Didier Courbot

Acteur de paysage

Thème : Artiste

Mode d’actions

  • Faire la ville avant la ville
  • Fédérer les acteurs
  • Lire le territoire
  • Ouvrir de nouveaux espaces de parole
  • Susciter des méthodes alternatives d’urbanisme
  • Transformer / Requalifier

Arpenteur de villes, formé aux beaux-arts puis au paysage, Didier Courbot réalise des micro- interventions dans la ville, avec un goût prononcé pour les espaces interstitiels, les brèches, les laissés-pour- compte, les anomalies qui constituent pour lui autant de situations propices à la création. À l’image d’une prothèse minimaliste appliquée au corps urbain, Didier Courbot vient réveiller la fonctionnalité d’un objet (un poteau devient le support d’un nichoir) ou diriger le regard sur une forme de banalité (en arrosant une herbe de trottoir nichée dans une infractuosité).

Needs, Paris, 2001 © Didier Courbot - Courtesy Galerie Nelson
Needs, Paris, 2001
© Didier Courbot – Courtesy Galerie Nelson

Focus

Série des « Needs »

A partir de petits dysfonctionnements et besoins repérés (désignés sous le titre générique de needs), l’artiste opère d’infimes actions sur le mobilier urbain : entretenir, réparer ou créer de petits équipements urbains.
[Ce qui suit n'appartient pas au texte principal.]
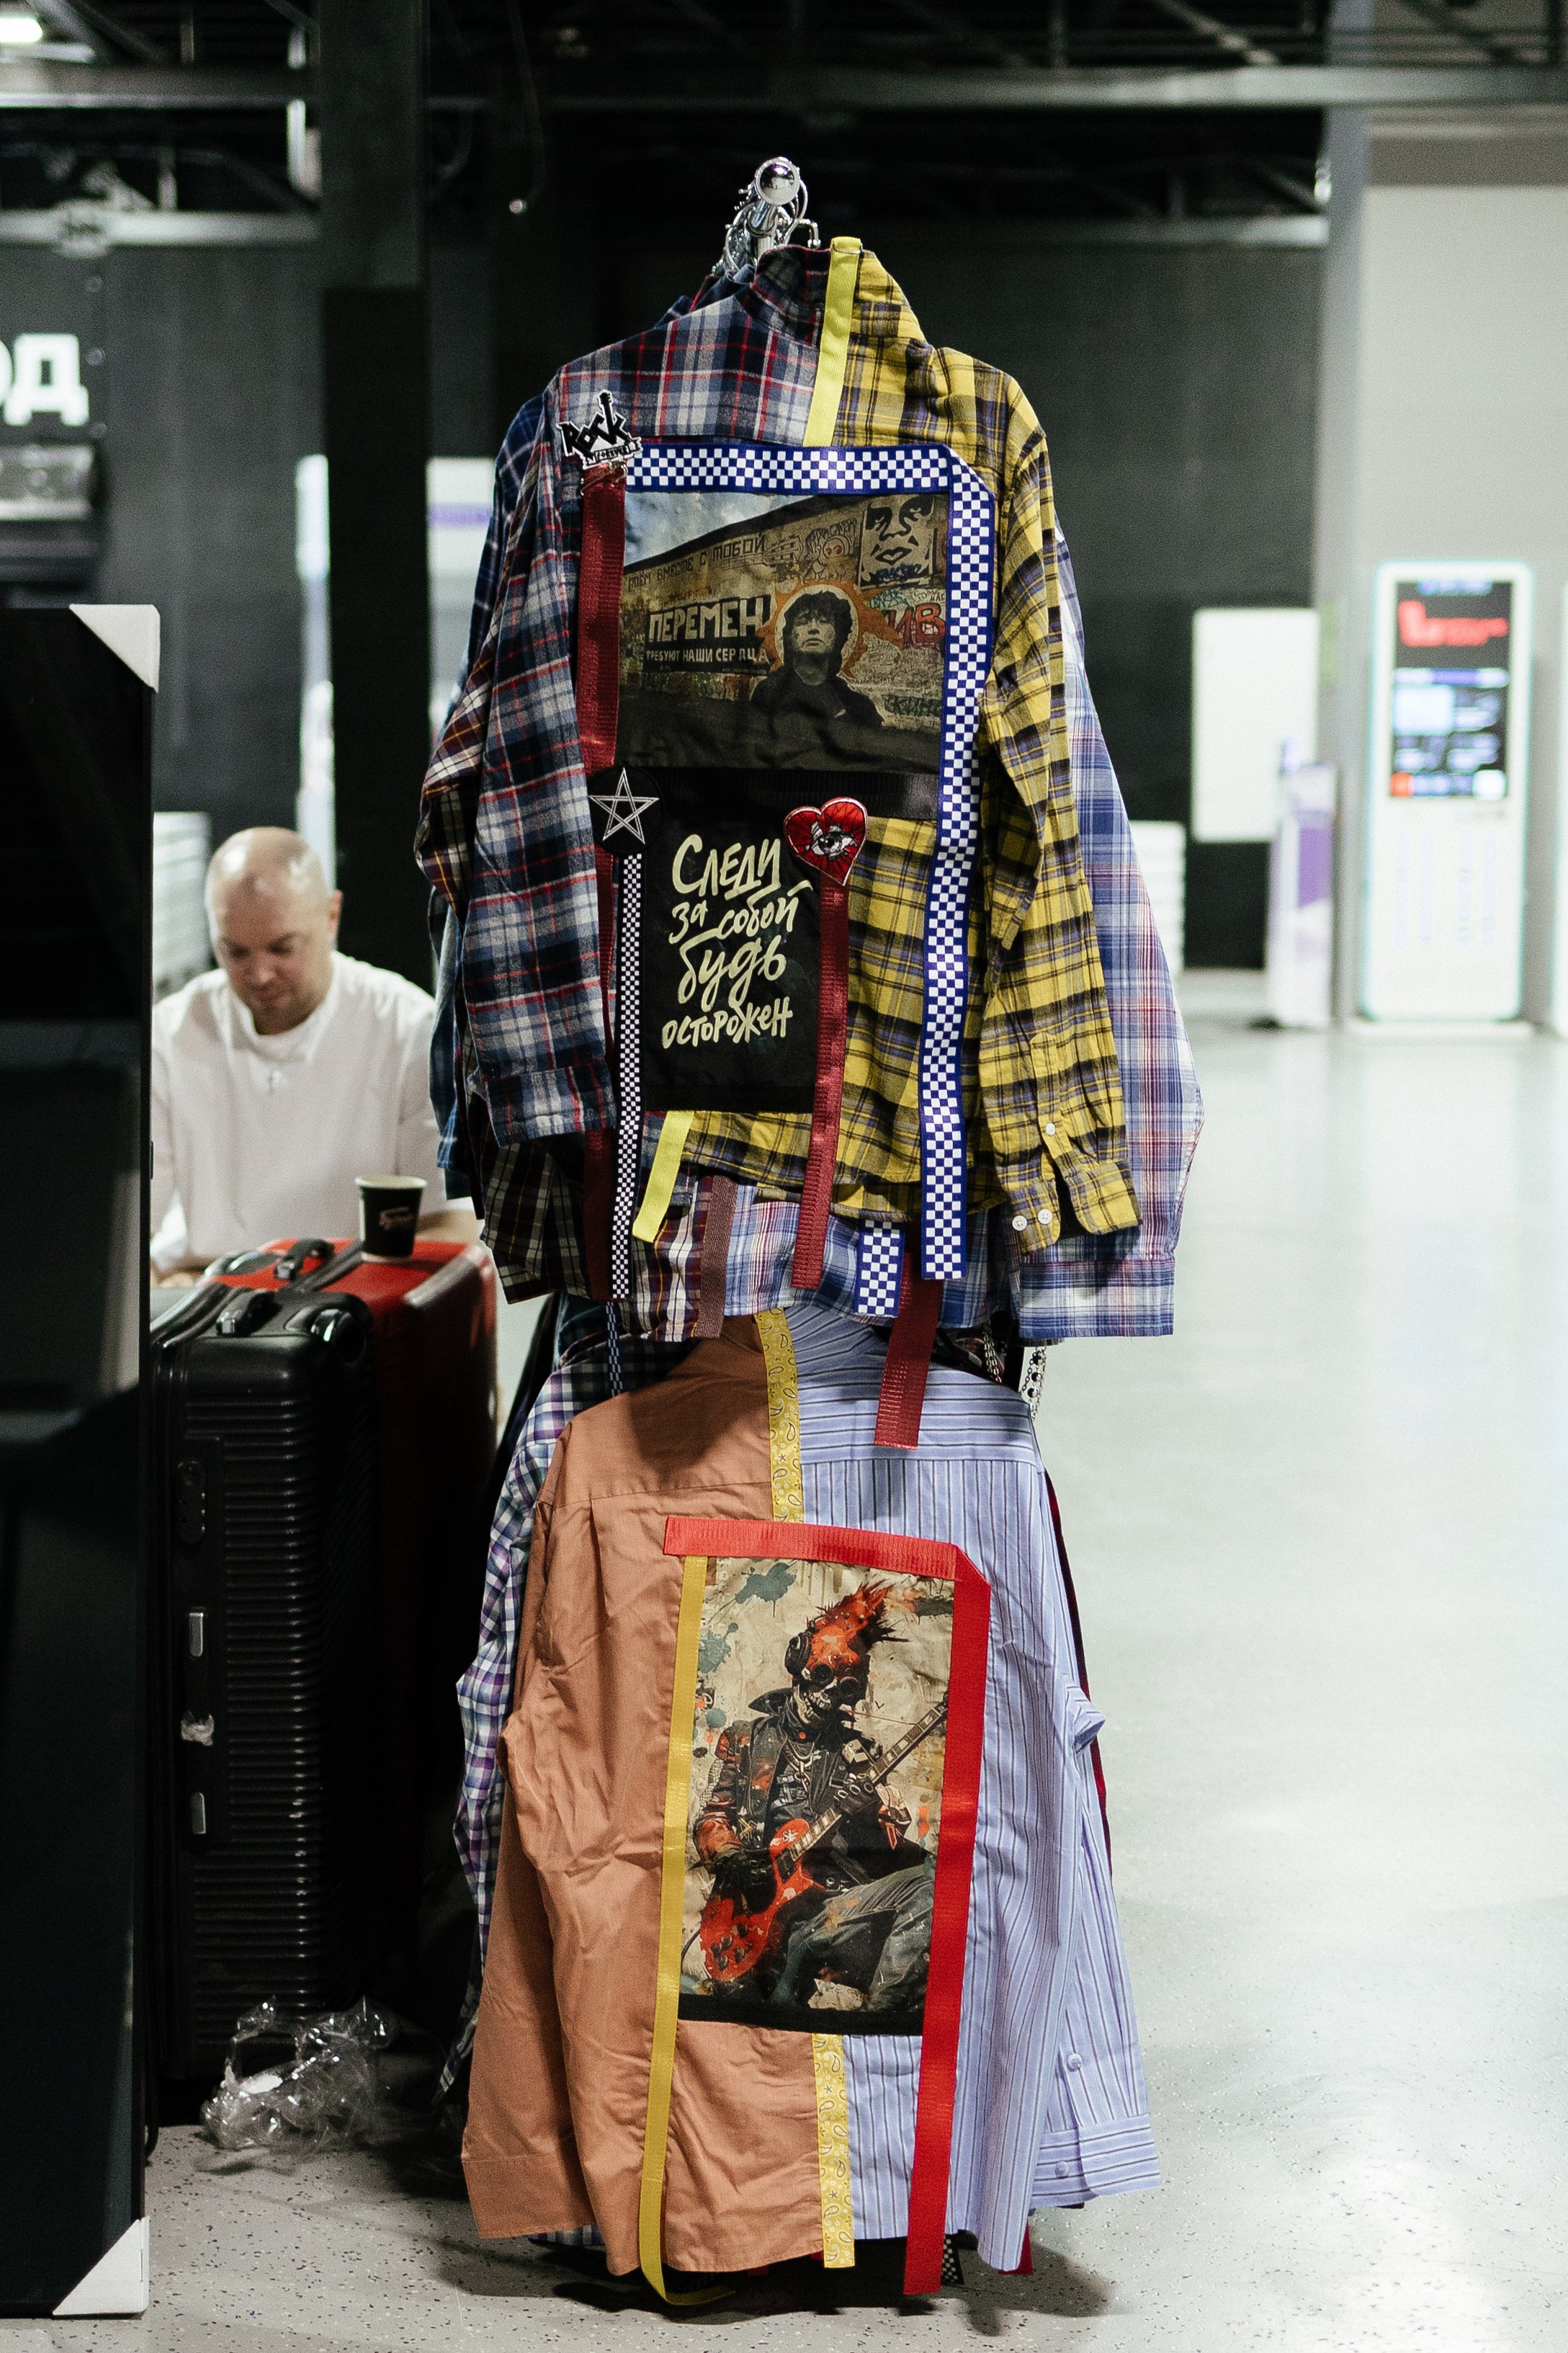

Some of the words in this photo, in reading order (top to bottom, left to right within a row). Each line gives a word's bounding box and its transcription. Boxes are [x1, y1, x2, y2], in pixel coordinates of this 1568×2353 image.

[0, 334, 90, 427] Д
[649, 597, 763, 642] ПЕРЕМЕН
[646, 650, 681, 662] ТРЕБУЮТ
[684, 648, 713, 663] НАШИ
[717, 880, 813, 939] собой
[678, 928, 787, 1012] будь
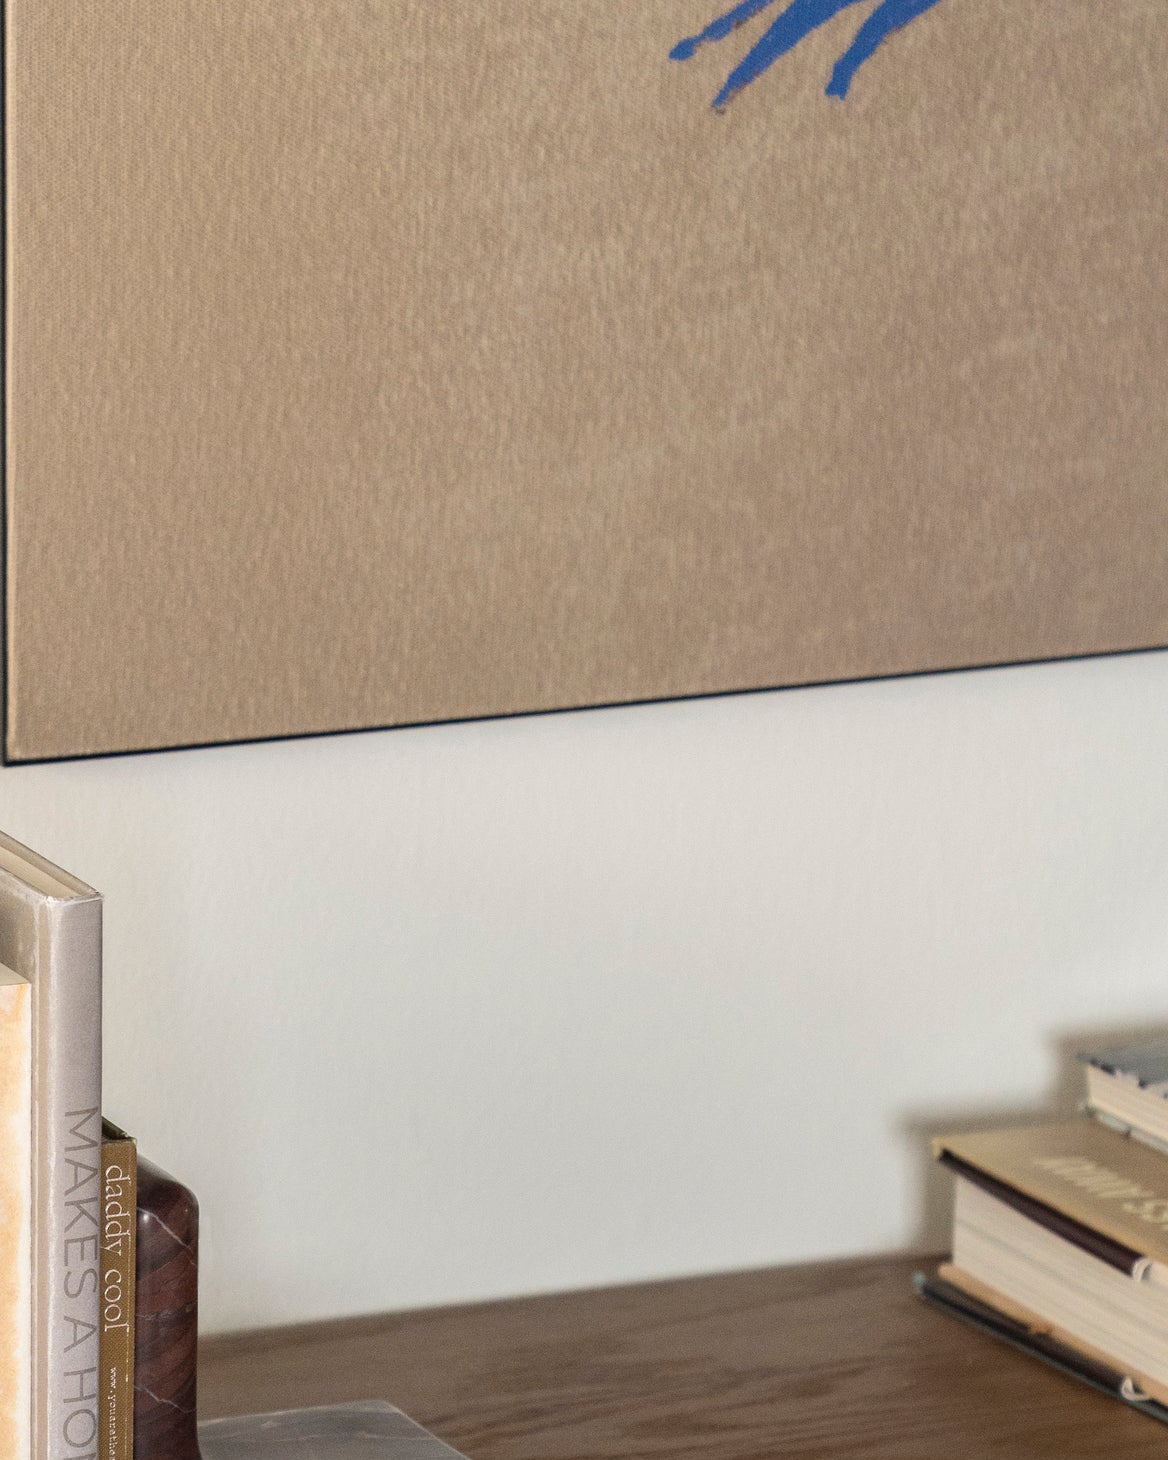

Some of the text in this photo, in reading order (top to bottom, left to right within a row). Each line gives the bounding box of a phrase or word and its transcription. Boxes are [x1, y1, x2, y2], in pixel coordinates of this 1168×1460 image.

[63, 1107, 99, 1300] MAKES
[101, 1165, 130, 1333] daddy cool
[62, 1314, 96, 1362] A
Série menée dans plusieurs grandes villes (Paris, Prague, Rome, Osaka, etc.), elle résulte d’une observation du lieu comme motivation préalable à l’action. L’œuvre naît d’un écart entre l’objet et son usage (un banc avec une latte manquante que l’artiste vient sommairement remplacer avec du bois brut), ou encore entre le signe et sa fonction (un passage piéton effacé est repeint).

Pourquoi on en parle ?

Du registre de la trace et de la micro-intervention, le travail de Didier Courbot se situe à la frontière entre aménagement et installation artistique. Ce regard obsessionnel sur la ville, à la marge des beaux-arts autant que du paysage ou de l’architecture, résonne avec le profil mixte de l’artiste. En intervenant à répétition sur l’espace public par un geste artistique contenant sa propre intentionnalité, il remet en question l’évidence fonctionnelle des formes urbaines. Ces petits riens prennent l’allure d’un manifeste : pour un espace public avec lequel chacun est à même de développer un rapport intime, rapport rappelant celui qui se forme entre une oeuvre et un spectateur.